Empatía Popular

¿Cuántas estrategias de seguridad se necesitan?

Una nueva ola de delitos ha dejado más que en evidencia que en la zona conurbada del sur de Tamaulipas no hay suficientes elementos de seguridad.

En esta última semana se registraron tres asaltos a instituciones bancarias, una de ellas dentro de una tienda, todas con lujo de violencia y con armas de fuego. Hasta les dio tiempo a los ladrones de llevarse equipo electrónico en uno de sus atracos.

También hubo un asesinato en plena calle a un ciudadano, presuntamente por resistirse a un asalto.

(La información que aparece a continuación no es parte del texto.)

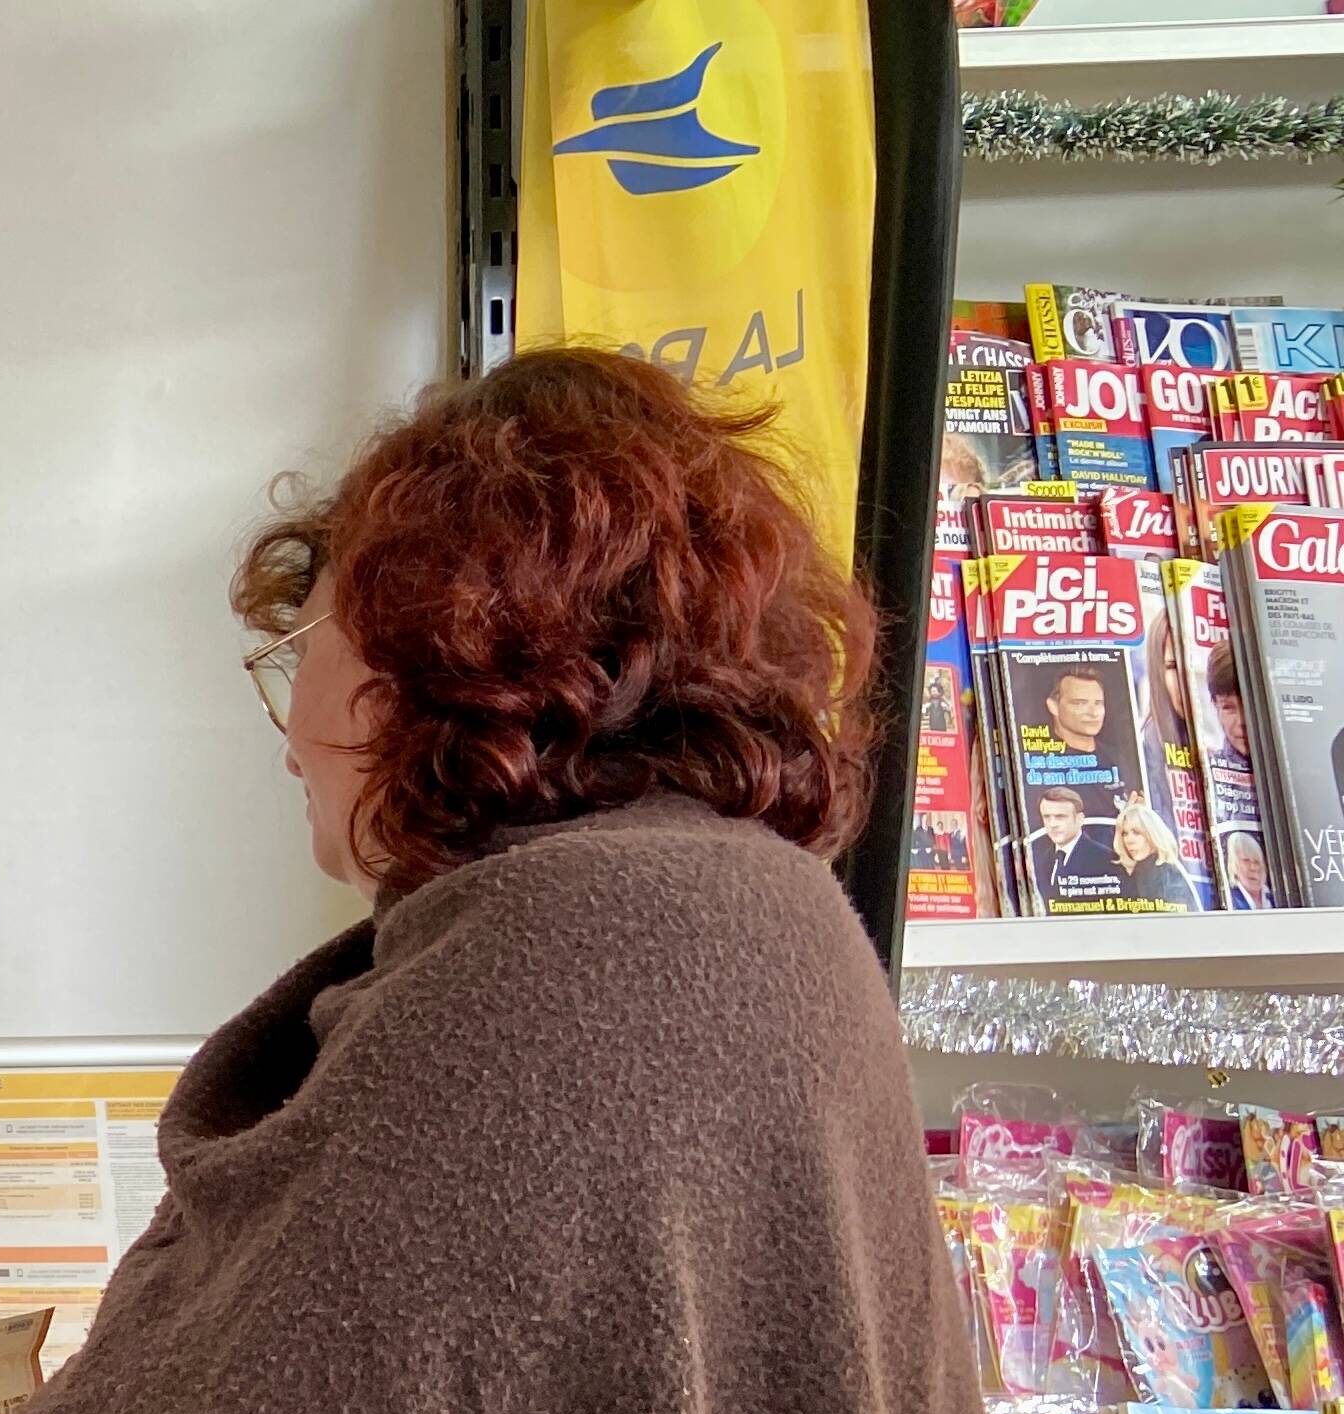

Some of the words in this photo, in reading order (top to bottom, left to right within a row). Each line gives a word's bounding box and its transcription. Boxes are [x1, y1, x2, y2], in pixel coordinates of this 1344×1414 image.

[961, 370, 1003, 383] LETIZIA
[948, 383, 962, 395] ET
[965, 383, 1005, 396] FELIPE
[946, 409, 980, 421] VINGT
[982, 409, 1007, 422] ANS
[946, 420, 1001, 433] D'AMOUR
[1072, 471, 1100, 481] DAVID
[1102, 472, 1147, 484] HALLYDAY
[1002, 507, 1097, 530] Intimité
[996, 529, 1101, 553] Dimanch
[1036, 556, 1097, 600] ici
[1003, 589, 1137, 635] Paris
[1021, 725, 1050, 737] David
[1023, 738, 1066, 753] Hallyday
[1024, 753, 1045, 768] Les
[1046, 754, 1097, 767] dessous
[1026, 769, 1042, 785] de
[1044, 772, 1065, 784] son
[1049, 899, 1104, 913] Emmanuel
[1105, 899, 1115, 911] &
[1116, 898, 1154, 914] Brigitte
[1156, 899, 1187, 913] Macron

Lo más grave del asunto es que el muerto y un robo bancario se dieron a escasos metros de las oficinas de la Policía Ministerial y muy cerca del Palacio Municipal, en Ciudad Madero.

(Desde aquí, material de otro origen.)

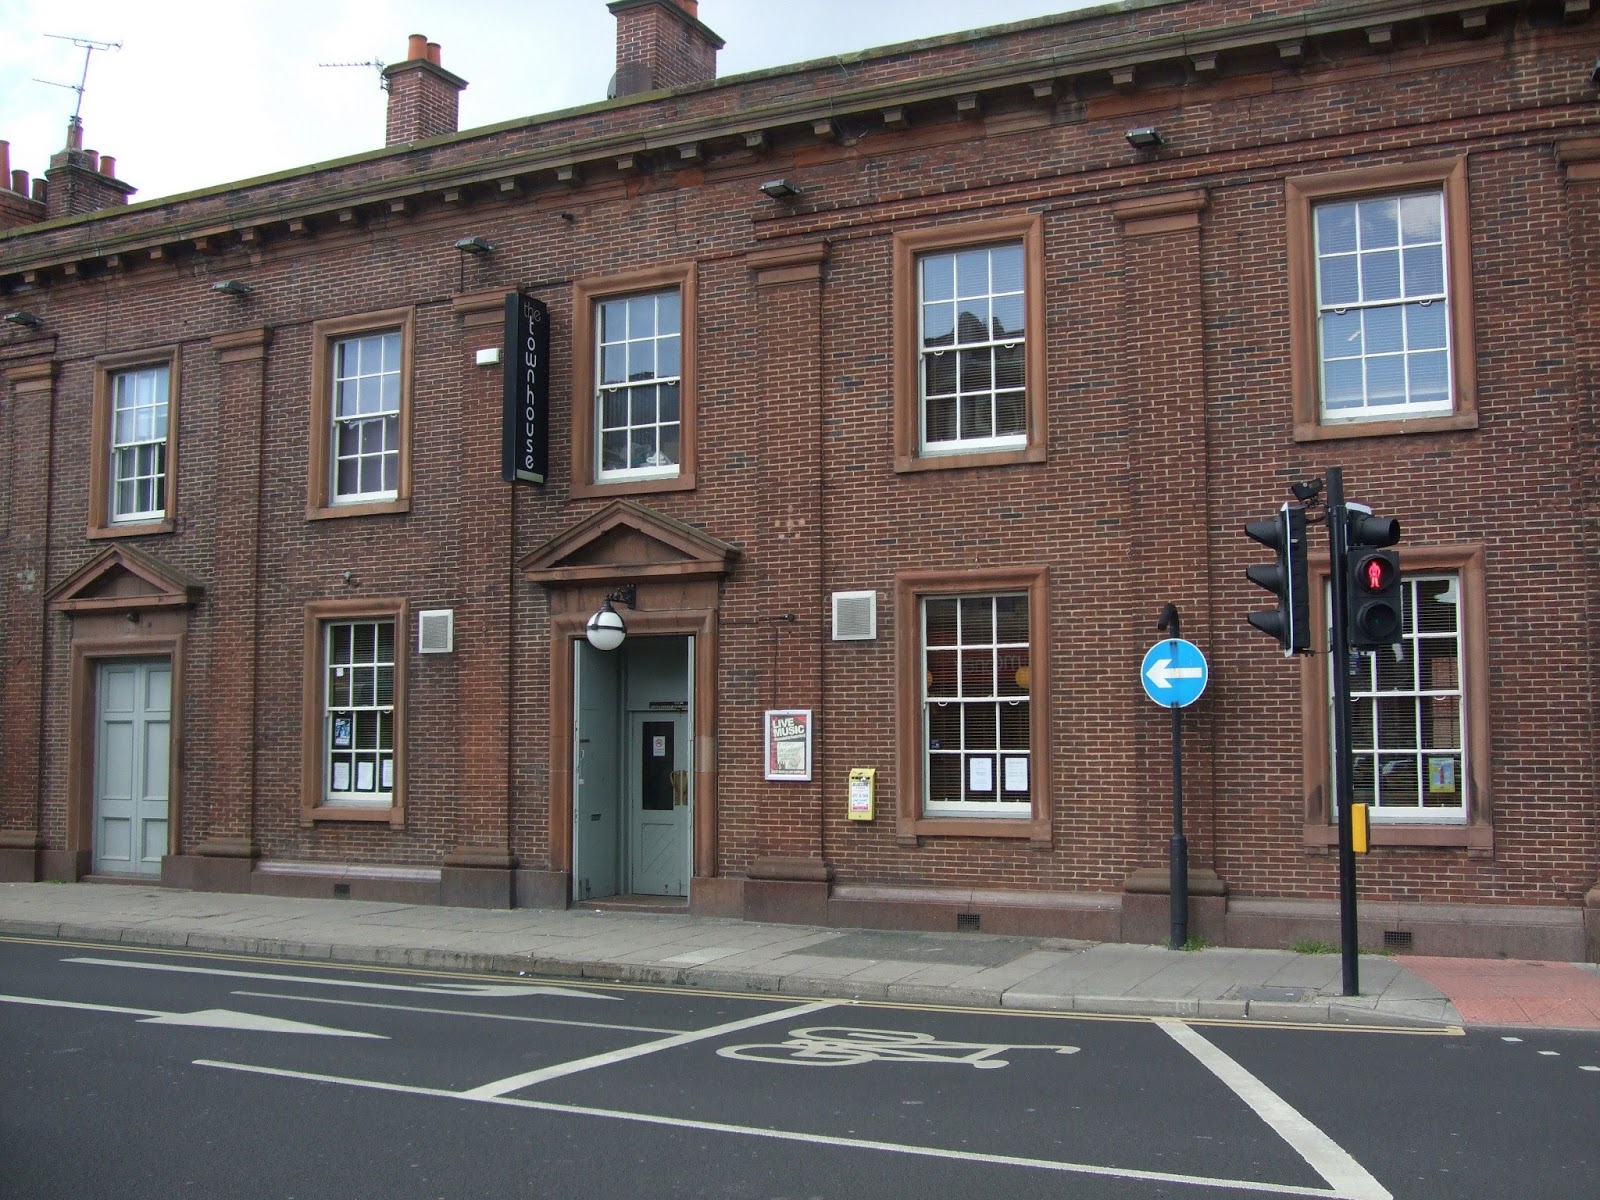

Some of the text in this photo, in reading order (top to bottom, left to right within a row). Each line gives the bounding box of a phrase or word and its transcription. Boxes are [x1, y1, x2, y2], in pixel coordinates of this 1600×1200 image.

¿Qué es lo que pasa con las autoridades de seguridad?

Ese enorme bache por el que están pasando las corporaciones de seguridad se está hundiendo cada vez más y se está llevando de paso a los ciudadanos. Ya hay un muerto.

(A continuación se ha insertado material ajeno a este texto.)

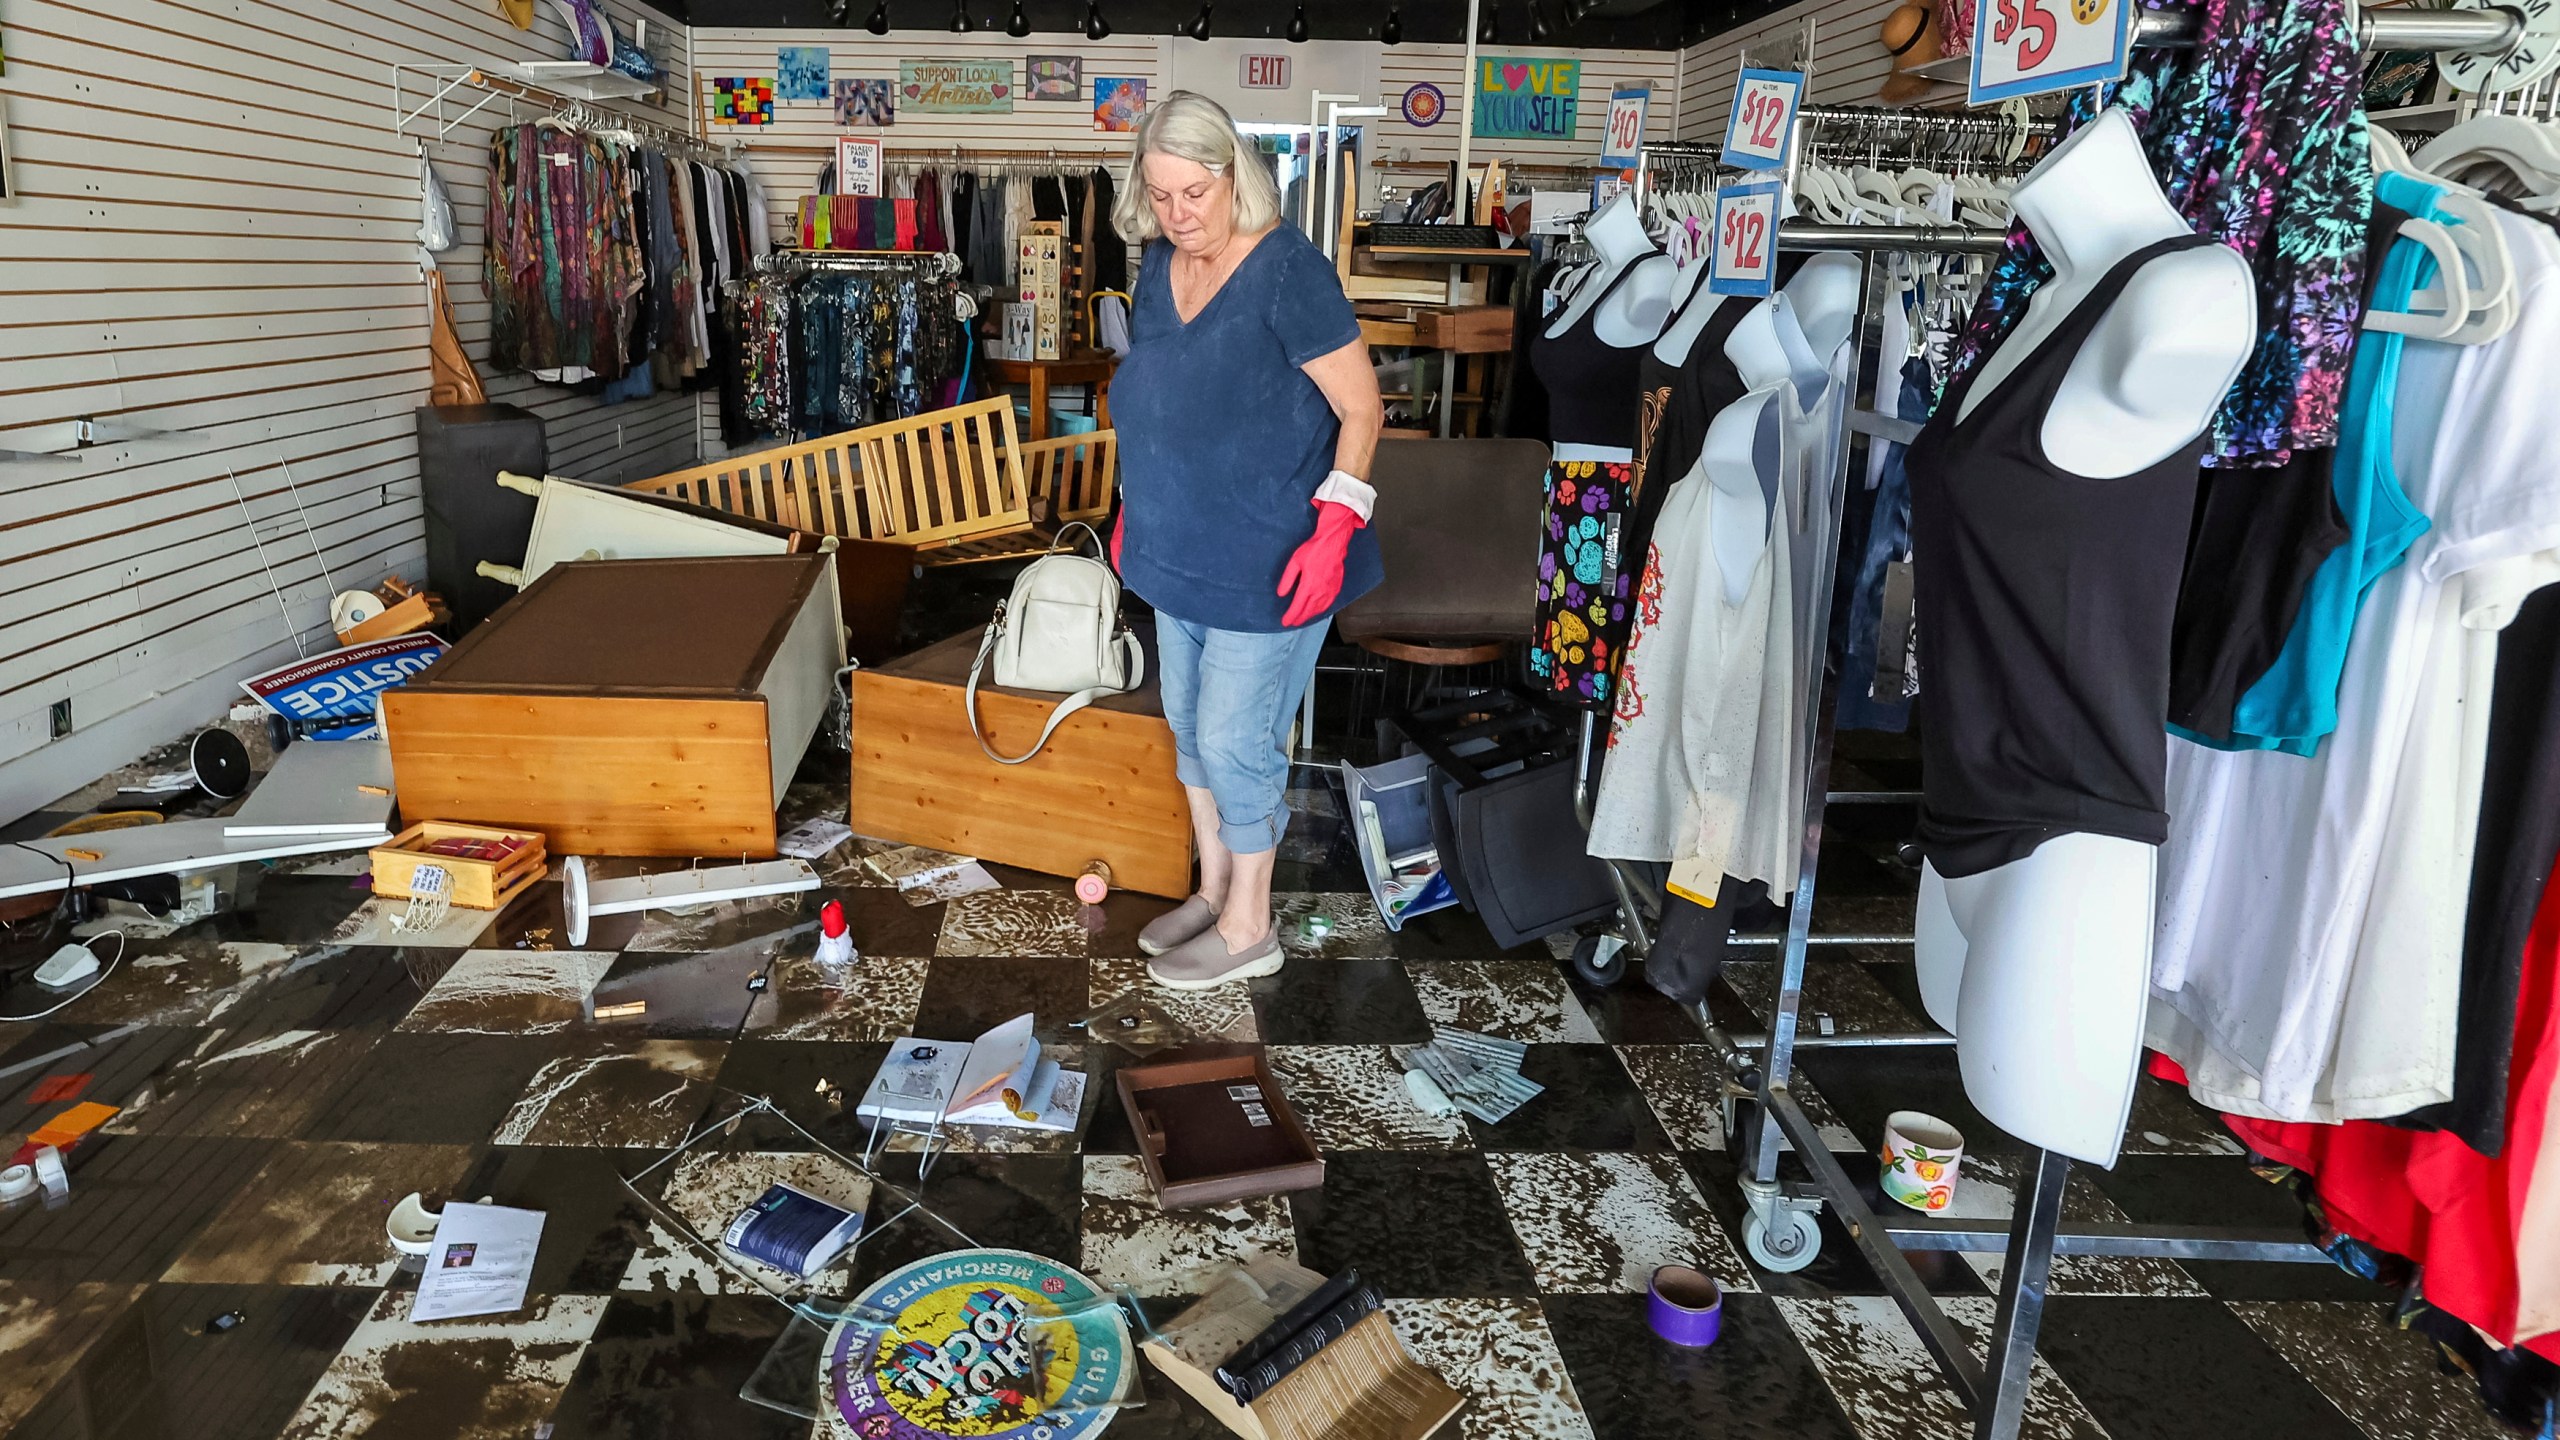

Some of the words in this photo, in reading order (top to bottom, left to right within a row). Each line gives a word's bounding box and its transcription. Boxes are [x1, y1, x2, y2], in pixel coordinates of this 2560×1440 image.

[1993, 0, 2058, 72] $5
[914, 66, 964, 83] SUPPORT
[965, 67, 1003, 84] LOCAL
[1248, 56, 1285, 86] EXIT
[918, 81, 994, 105] Artists
[1610, 104, 1639, 150] $10
[1742, 87, 1785, 149] $12
[852, 156, 869, 169] $15
[852, 182, 869, 195] $12
[1723, 205, 1765, 269] $12
[346, 645, 388, 663] COUNTY
[262, 656, 347, 690] COMMISSIONER
[880, 1260, 1034, 1310] MERCHANTS
[893, 1292, 1027, 1400] LOCAL

Este problema se agravó desde que la Policía Militar dejó el estado porque ya no se renovó el convenio de colaboración con la Sedena, situación que fue señalada por la sociedad civil y los empresarios, sin embargo es fecha que nada se sabe de los polimilitares, tanto que ya los mismos gobiernos municipales prefieren no hablar sobre el tema.

El reclutamiento de policías en Tamaulipas se quedó a medias, solamente se lograron juntar tres mil elementos, dejando para la siguiente administración estatal la tarea de conseguir al resto.

Esto es claramente aprovechado por los delincuentes, saben que no hay nadie que pueda agarrarlos y los delitos van para arriba.

Por su parte los ciudadanos también reconocen la ausencia de la autoridad, tanto que están “amarrando como puercos” a los asaltantes que logran atrapar con sus propios medios, algunos de ellos corren la suerte de no ser linchados, otros sí se han llevado unas cuantas cachetadas de personas hartas de tanto rufián que prefiera la vida fácil y no trabajar día con día, de lo que sea, para ganarse el pan honradamente.

Ahora las autoridades anunciaron una nueva estrategia de seguridad, otra más, para tratar de acabar con esta ola de asaltos en los municipios.

La pregunta es: ¿Con cuáles elementos van a llevar a cabo esta nueva estrategia?

Si con los que hay, que no se dan abasto con otras tareas, no se puede detener el problema, ¿de dónde van a sacar más?

A lo mejor si pusieran a trabajar a los policías que tienen otros encargos como custodiar funcionarios o vigilar propiedades pueda funcionar.